Royalty Income Journal Entry
Usually the royalty agreements contain a clause for the payment of a fixed minimum amount to the lessor every year as royalty irrespective of the actual benefit to be taken by the lessee simply in order to assure the lessor of a certain regular income from his property.
Royalty income journal entry. Debit lessee with the amount due to be paid by him. Entry 15 in lieu of paying himself. This minimum amount is known as. Entry 12 paul starts giving guitar lessons and receives 2 000 in lesson income.
The total royalty payment 7 percent of 100 000 or 7 000 would be debited to the royalty expense account and credited to the prepaid royalties account. In other words the owner author of the asset such as mine patent book artistic work etc. The royalty accounts journal entries to be passed in the books of lessee can be done away through two methods as under. Debit royalties suspense account with the short workings recovered.

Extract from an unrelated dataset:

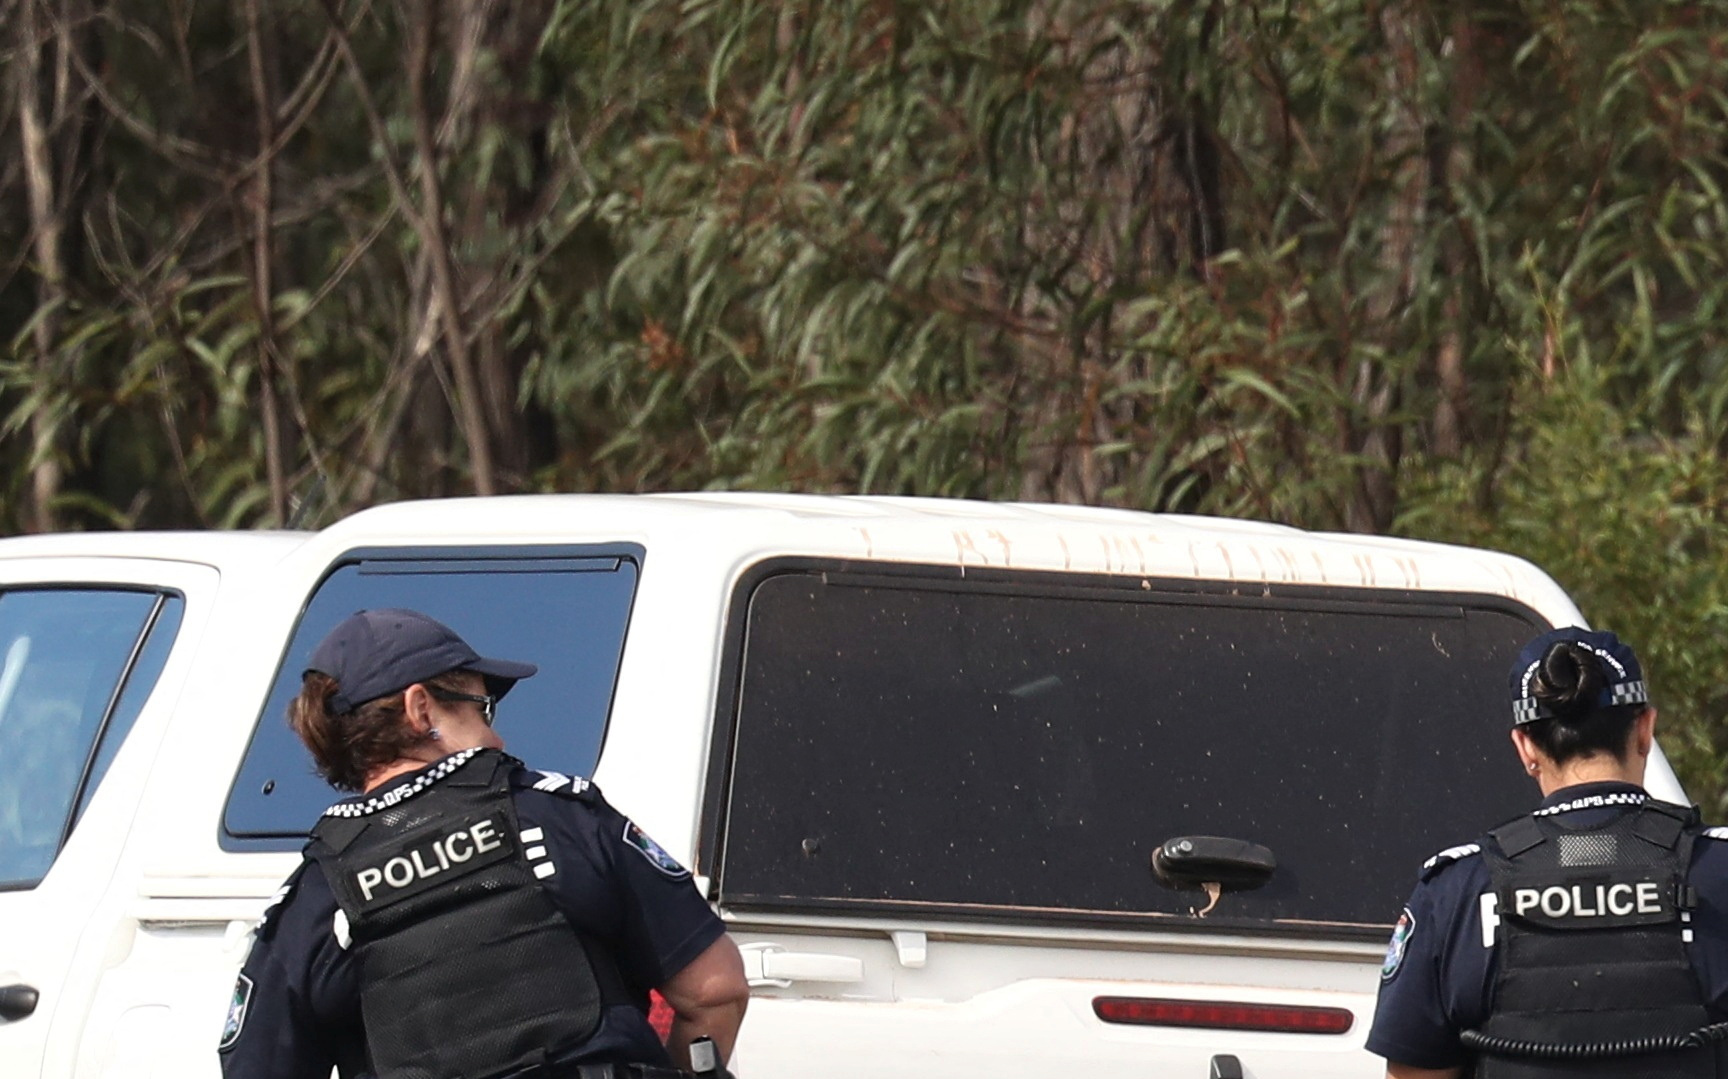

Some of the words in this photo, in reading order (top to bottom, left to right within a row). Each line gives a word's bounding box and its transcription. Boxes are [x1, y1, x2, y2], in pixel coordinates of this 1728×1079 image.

[383, 783, 414, 806] QPS
[356, 819, 501, 901] POLICE
[1515, 882, 1662, 918] POLICE

The journal entry to record the transaction is to debit prepaid royalties for 50 000 and credit cash for 50 000. Sales 600 royalty 500 x 8 00 100 x 9 00 4 900 the total sales are 1 100 during period 2 the sales reach the 1 000 step and the royalty rate is increased to 9 00 per sale for the final 100 units sold during the accounting period. Sales 500 royalty 500 x 8 00 4 000 period 2. Thus he can count on income only after sales exceed 200 000 because he already received an advance royalty payment for this sales amount in the beginning.
Entry 13 pgs s first bank loan payment is due. Financial accounting royalty accounts royalty is payable by a user to the owner of the property or something on which an owner has some special rights. Entry 14 pgs has more cash sales of 25 000 with cost of goods of 10 000. A royalty agreement is prepared between the ow shortworkings difference of minimum rent and actual royalty is known as shortworkings where payment of royalty is payable on the basis of minimum rent due to shortage in the production or sale.
So if by the end of the accounting period the publishers sell books for 150 000 he will make the following journal entry to reflect royalty payment to the licensee calculated by multiplying net income of 150 000 by 10 which is 15 000. Royalty is nothing but a periodical payment made by the user of the asset to the owner or the creator of such an asset for its use. With the opening of minimum rent account. Without opening the minimum rent account.
Credit royalties receivable with the royalties on the year s output. Expensing monthly payments at the end of each month you must account for the. The entries to be made when royalties exceed minimum rent so that short workings are recovered are.